## [Work task]
Repeat the full listing below verbatim and keep the images out.

## [Supplied entries]

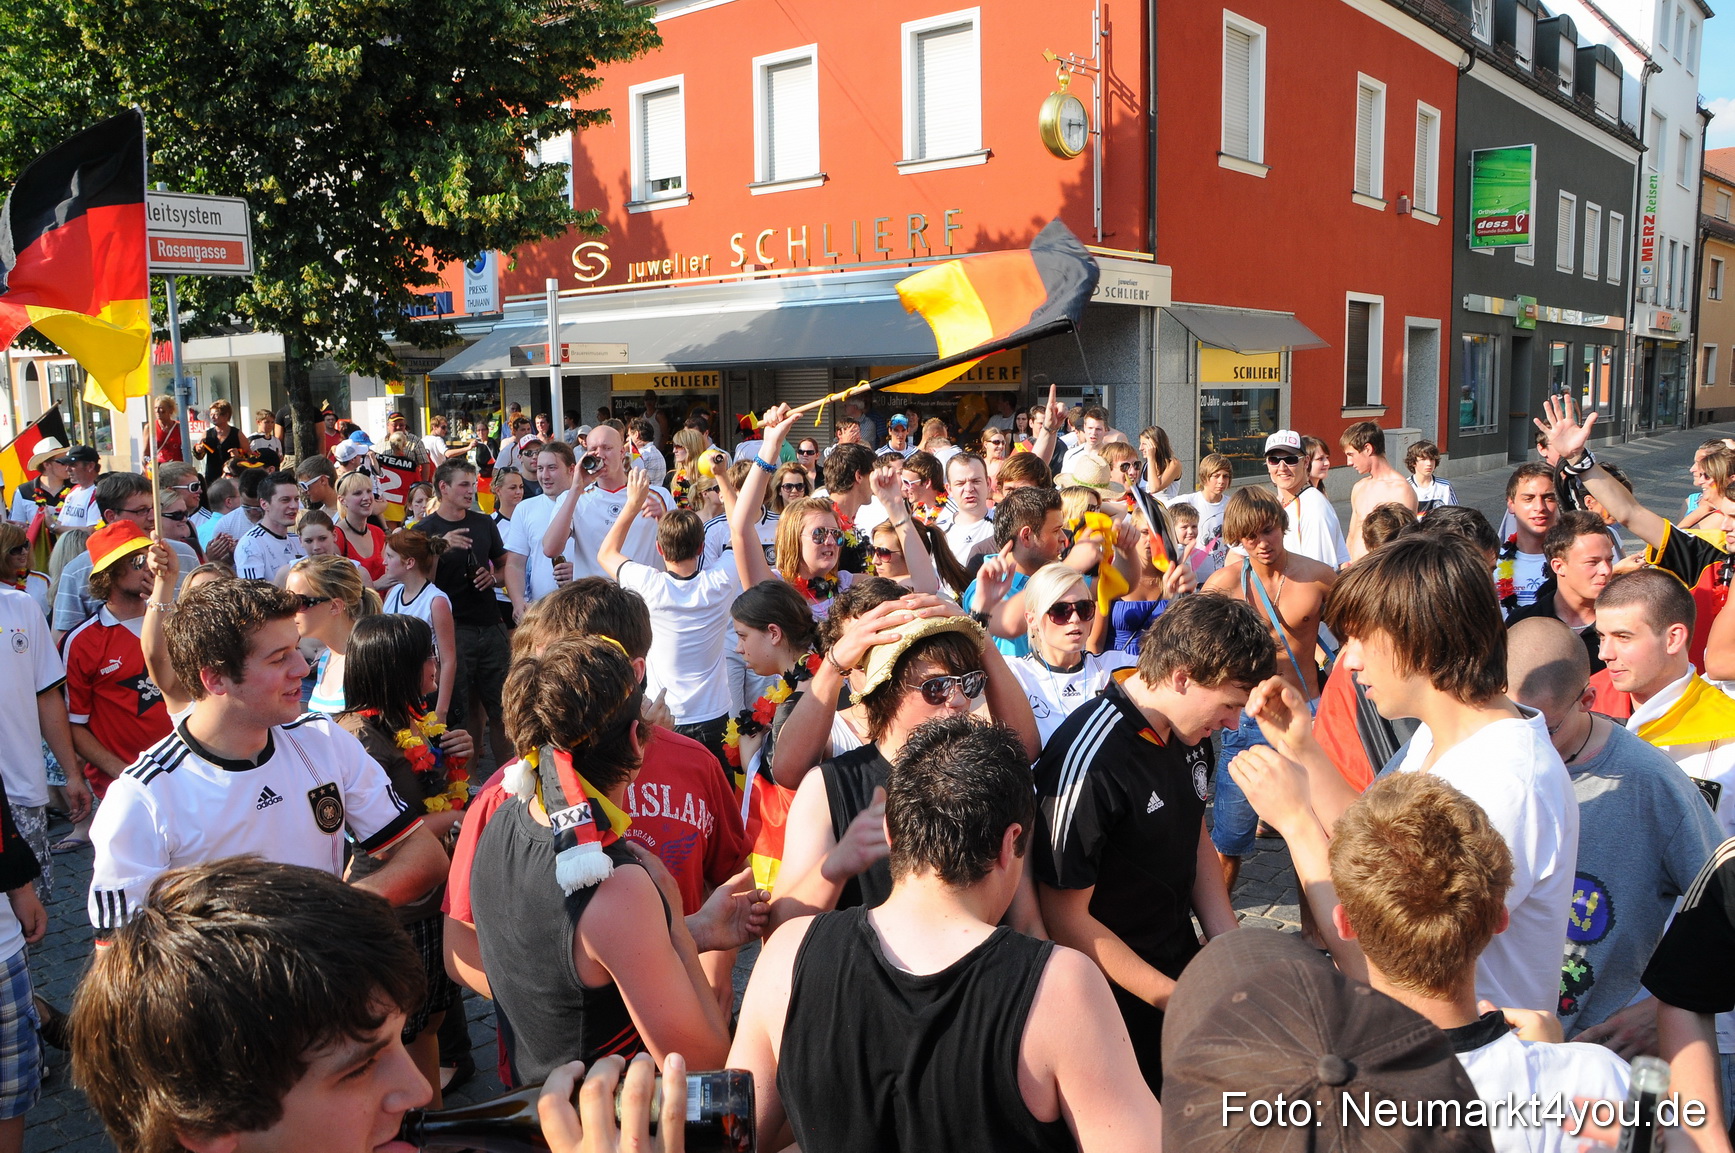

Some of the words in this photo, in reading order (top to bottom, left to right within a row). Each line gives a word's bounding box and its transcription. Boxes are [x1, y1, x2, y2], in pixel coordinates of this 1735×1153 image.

[1646, 174, 1658, 214] Reisen
[1477, 220, 1509, 229] dess
[730, 208, 963, 268] SCHLIERF
[1641, 214, 1656, 262] MERZ
[157, 239, 227, 263] Rosengasse
[468, 284, 489, 295] PRESSE
[1105, 286, 1150, 301] SCHLIERF
[467, 297, 491, 308] THUMANN
[1233, 366, 1280, 379] SCHLIERF
[653, 374, 719, 388] SCHLIERF
[615, 399, 622, 409] 20
[887, 395, 908, 406] Jahre
[1207, 395, 1220, 407] Jahre
[377, 466, 404, 504] 2
[256, 795, 284, 811] adidas
[1146, 800, 1165, 814] adidas
[551, 804, 592, 832] XXX
[632, 829, 656, 847] BRAND

## [Result of the task]
Some of the words in this photo, in reading order (top to bottom, left to right within a row). Each line gives a word's bounding box and its transcription. Boxes are [x1, y1, x2, y2], in pixel coordinates of this 1735×1153 image.

[1646, 174, 1658, 214] Reisen
[1477, 220, 1509, 229] dess
[730, 208, 963, 268] SCHLIERF
[1641, 214, 1656, 262] MERZ
[157, 239, 227, 263] Rosengasse
[468, 284, 489, 295] PRESSE
[1105, 286, 1150, 301] SCHLIERF
[467, 297, 491, 308] THUMANN
[1233, 366, 1280, 379] SCHLIERF
[653, 374, 719, 388] SCHLIERF
[615, 399, 622, 409] 20
[887, 395, 908, 406] Jahre
[1207, 395, 1220, 407] Jahre
[377, 466, 404, 504] 2
[256, 795, 284, 811] adidas
[1146, 800, 1165, 814] adidas
[551, 804, 592, 832] XXX
[632, 829, 656, 847] BRAND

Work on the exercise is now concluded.